I got in work very early on Monday. A coworker was returning from vacation and I wanted to have something done in advance of his return. Work started for me at 6am and I was largely finished by the time he got into work. I told him what I had done, he told me to make some changes and I spent the day making them. One or two parts were rather tricky so it wasn’t until the end of the day that I finished. I shot the lead a note that I was done but it probably needed some clean-up and asked to talk in the morning.

This morning, I arrived and the lead shot me a message of “for time’s sake, let me make the fixes and I’ll go over them when I’m done”. Seven hours later he messages me. “Done, please do an editorial review.” Cool. I open the work file and almost nothing of my work remained except for two things: Modifying the color of the column headers and a single calculation. I wasn’t mad or upset, but smirked at how wrong I had been. How absolutely off-base I had been with my assumptions, how naively I treated calendar year accounting, and how underdeveloped my accrual calculations had been.
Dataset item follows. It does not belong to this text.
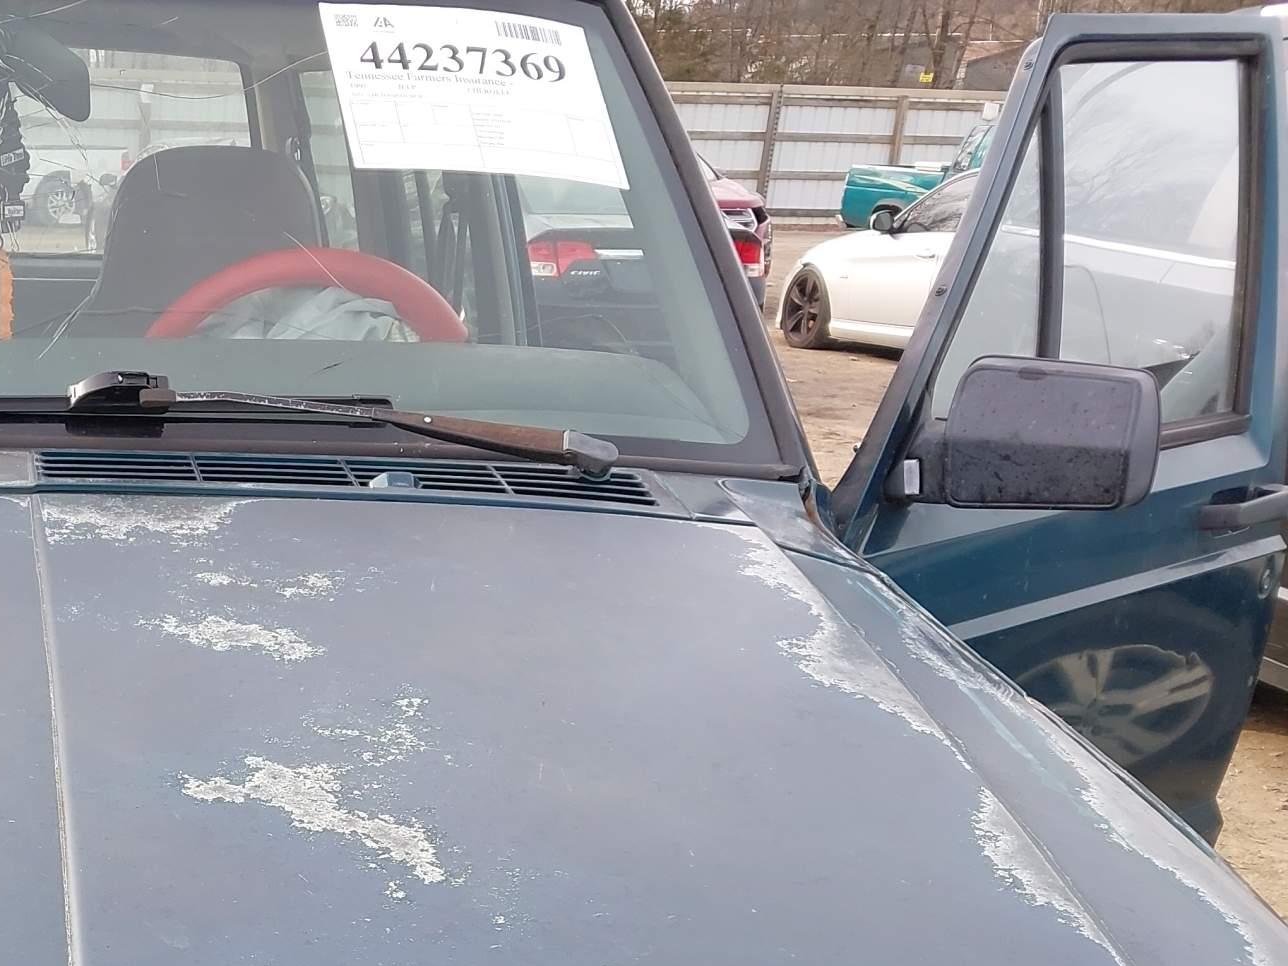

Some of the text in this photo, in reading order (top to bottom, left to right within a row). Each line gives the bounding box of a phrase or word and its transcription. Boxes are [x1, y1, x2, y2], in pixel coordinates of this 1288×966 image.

[360, 40, 567, 83] 44237369
[345, 71, 405, 82] Tennessee
[406, 72, 452, 83] Farmers
[454, 75, 507, 87] Insurance
I started laugh. A non-actuarial coworker heard me, and asked what was funny.

Me: Imagine someone asks you to make a sandcastle and after getting some basic instructions you do it. You finish and you look at it and go “eh, not bad. Could use work though.” You tell the person who requested it that you’re done and they say “I need to make a few changes” and you think “I guess I didn’t nail it but I helped!”. At the end of the day you come back and see a completely new sand castle there. So new, in fact, you think they trucked in their own sand because it’s not even same color. On closer inspection you do see that they did use some of your work: a single plastic figurine you had added to yours was preserved. Then the person asks you to check their sand castle to make sure it conforms to what they wanted.
Her: Oh.

Actuarying hard.

My two priorities are getting a better job and improving my health.  As they are priorities, I’m actively working on them and they win when they get in fights with other tasks.  I go into work late and stay late if I have a late night running and social events lose to work functions that may allow me to advance myself.  Part of the “better job” priority has been catching up on actuarial math and preparing to re-take exam P/1.  My calculus muscles were very out of shape when I started and I cursed myself for not remember if it was the integral or derivative of f'(x)/f(x) which equaled the ln(f(x)) but after a bit the work grew on me.  I was again dealing with things where I was unambiguously wrong.  Data at work can be misinterpreted, interactions with people are indecisive but with sample test questions I had the opportunity to do something I had missed, being simply and irrefutably wrong.  In that I find freedom.

A relative thought I should combine my actuarial training and my people skills to start a morning talk show with me as Dr. Terry, the Feel Good Actuary.  Each show would start with me reminding people with each day they’re alive they’ve set a new personal record and I’d then take calls from people who aren’t dead.  I’d essentially get paid to sugar coat mortality statistics like “Only 8% of people with pancreatic cancer live more than 14 months.  You can be that 8%!”  I could also help people navigate life insurance questions and such.  Finally, the show could serve as a sleep aid because I can’t think of anything duller on the radio than fielding insurance questions.